Yesterday, in a devastating blow to public health, President Biden's FDA bowed to radical anti-science political activists late yesterday and refused to grant PMTA authorizations to any life-saving reduced risk tobacco alternative vaping product. As a result, it is now illegal to sell any vaping product in the United States.
While the FDA has already rejected many applications hundreds of companies remain in limbo as the FDA refuses to finalize their applications, despite a September 9 deadline. It is now illegal to sell any vaping product without FDA authorization.
These outrageous now regulations were imposed even though these products are proven to be 95% safer than combustible tobacco, 3-7 times more effective than other nicotine replacement therapies, and, according to Georgetown University Medical Center, having the potential to save up to 6.6 million American lives. For this reason, they are endorsed by over 50 of the world’s leading medical organizations. And it is now illegal to sell any of them.

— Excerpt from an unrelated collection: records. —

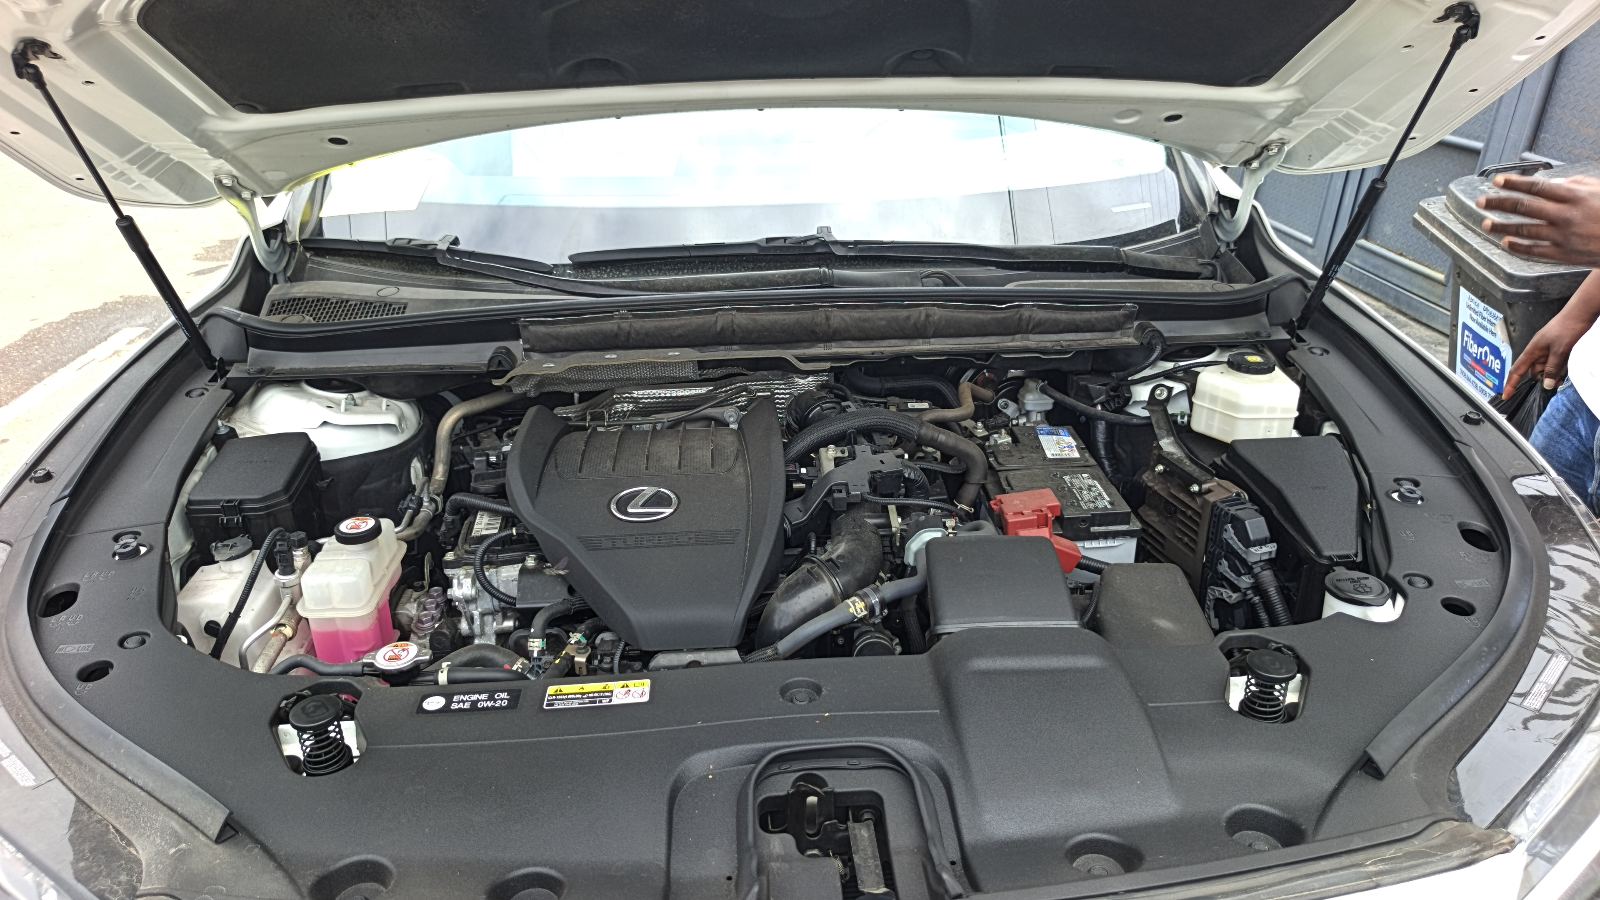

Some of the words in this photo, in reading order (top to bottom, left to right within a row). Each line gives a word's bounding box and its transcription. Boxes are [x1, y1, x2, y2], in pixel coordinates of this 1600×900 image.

[1463, 329, 1501, 374] FiberOne
[452, 693, 489, 702] ENGINE
[494, 692, 511, 700] OIL
[450, 701, 471, 710] SAE
[477, 699, 508, 709] 0W-20
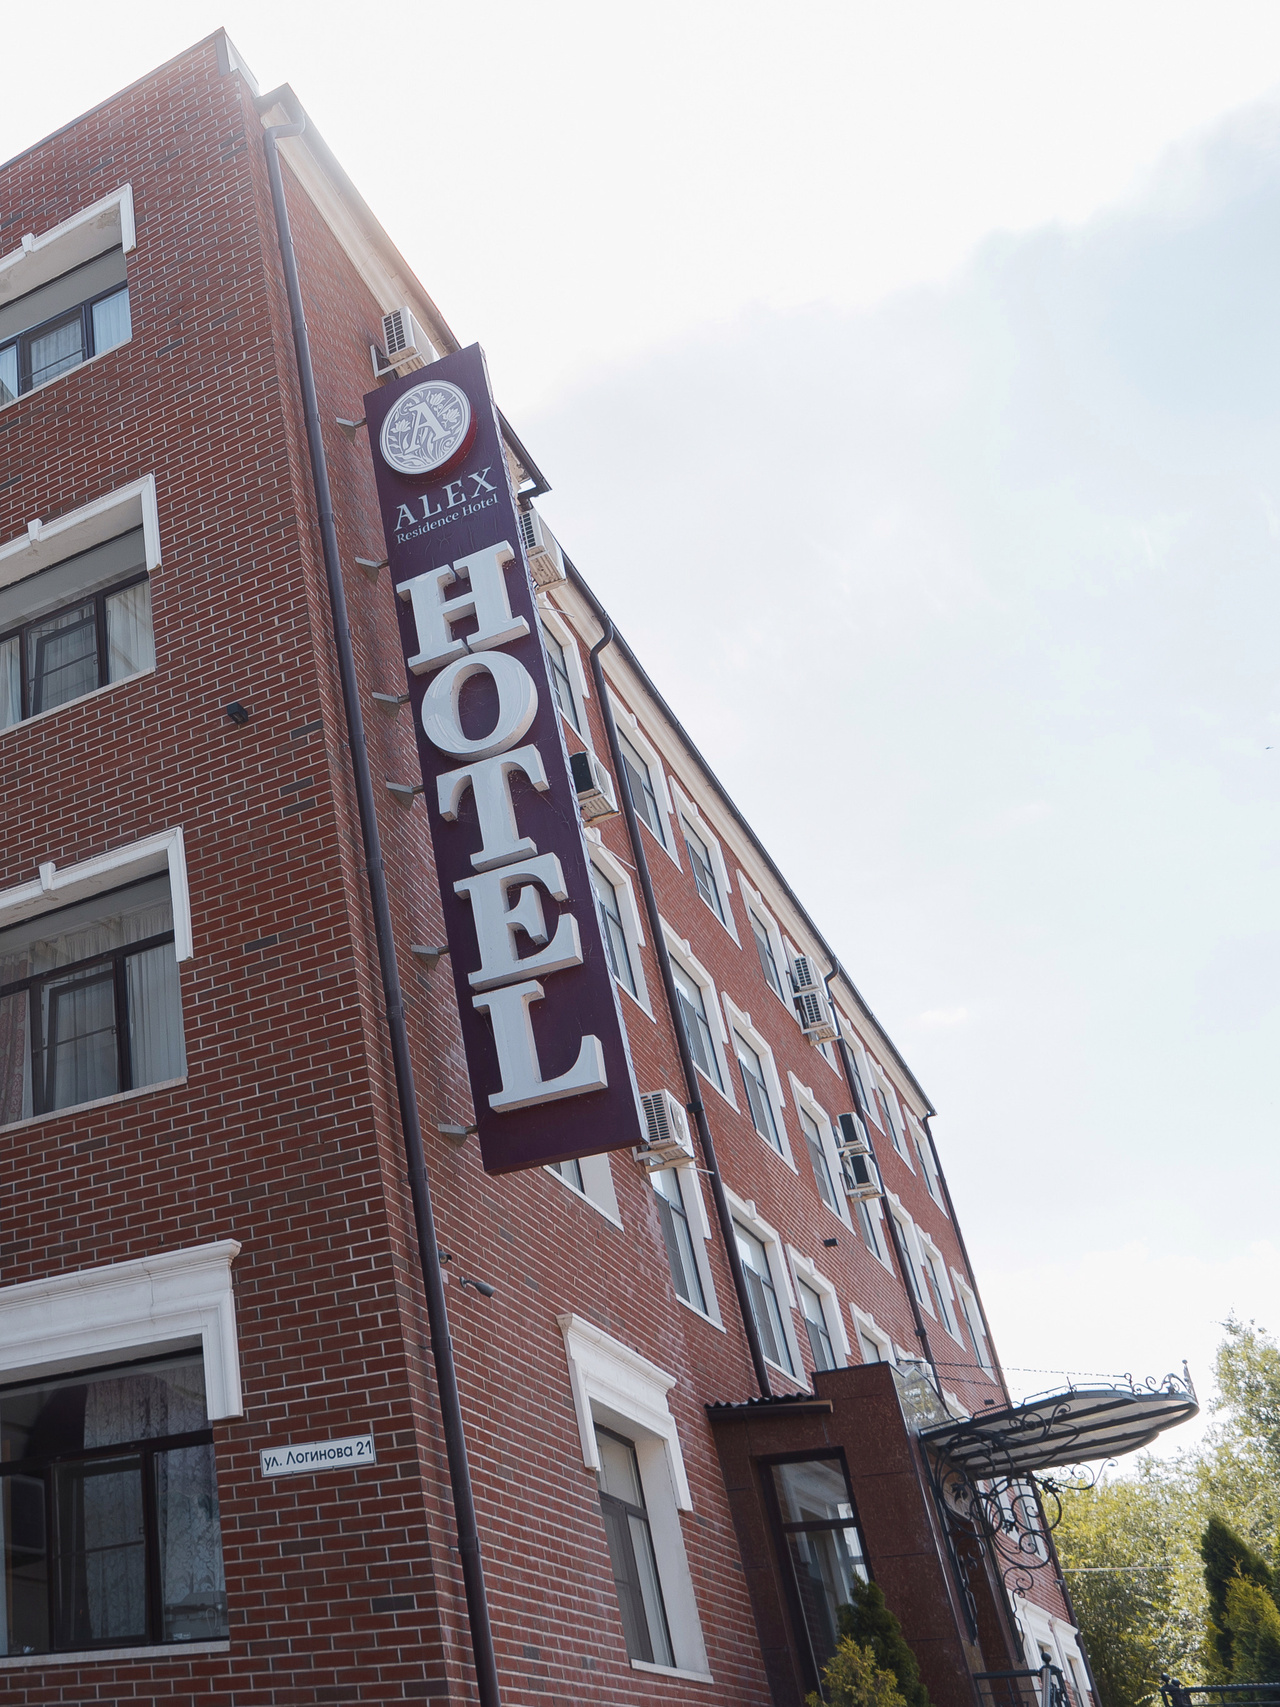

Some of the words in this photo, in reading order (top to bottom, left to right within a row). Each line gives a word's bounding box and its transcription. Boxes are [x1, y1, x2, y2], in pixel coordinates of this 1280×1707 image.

[404, 402, 451, 453] A
[393, 466, 498, 532] ALEX
[396, 511, 460, 544] Residence
[462, 493, 498, 517] Hotel
[396, 540, 608, 1113] HOTEL
[264, 1457, 283, 1471] ул.
[286, 1445, 353, 1465] Логинова
[356, 1440, 372, 1456] 21

While the FDA has stated it will use its discretion in enforcing the law while outstanding applications are pending, so far, it has rejected every application it has ruled upon. Moreover, in its rulings, it has demanded that individual vape manufacturers would have needed to supply a “randomized controlled trial or longitudinal cohort study,” costing hundreds of thousands of dollars, for every product, variety, or strength or e-liquid a manufacturer develops. Even the smallest of vape stores sell hundreds of different products. In order to have any chance of approval, they would have to spend over a hundred million dollars – something impossible.
As a result, it is now almost certain that thousands of independent vape shops will shut down. Millions of former smokers who rely on vaping devices will gradually return to smoking, with deadly consequences.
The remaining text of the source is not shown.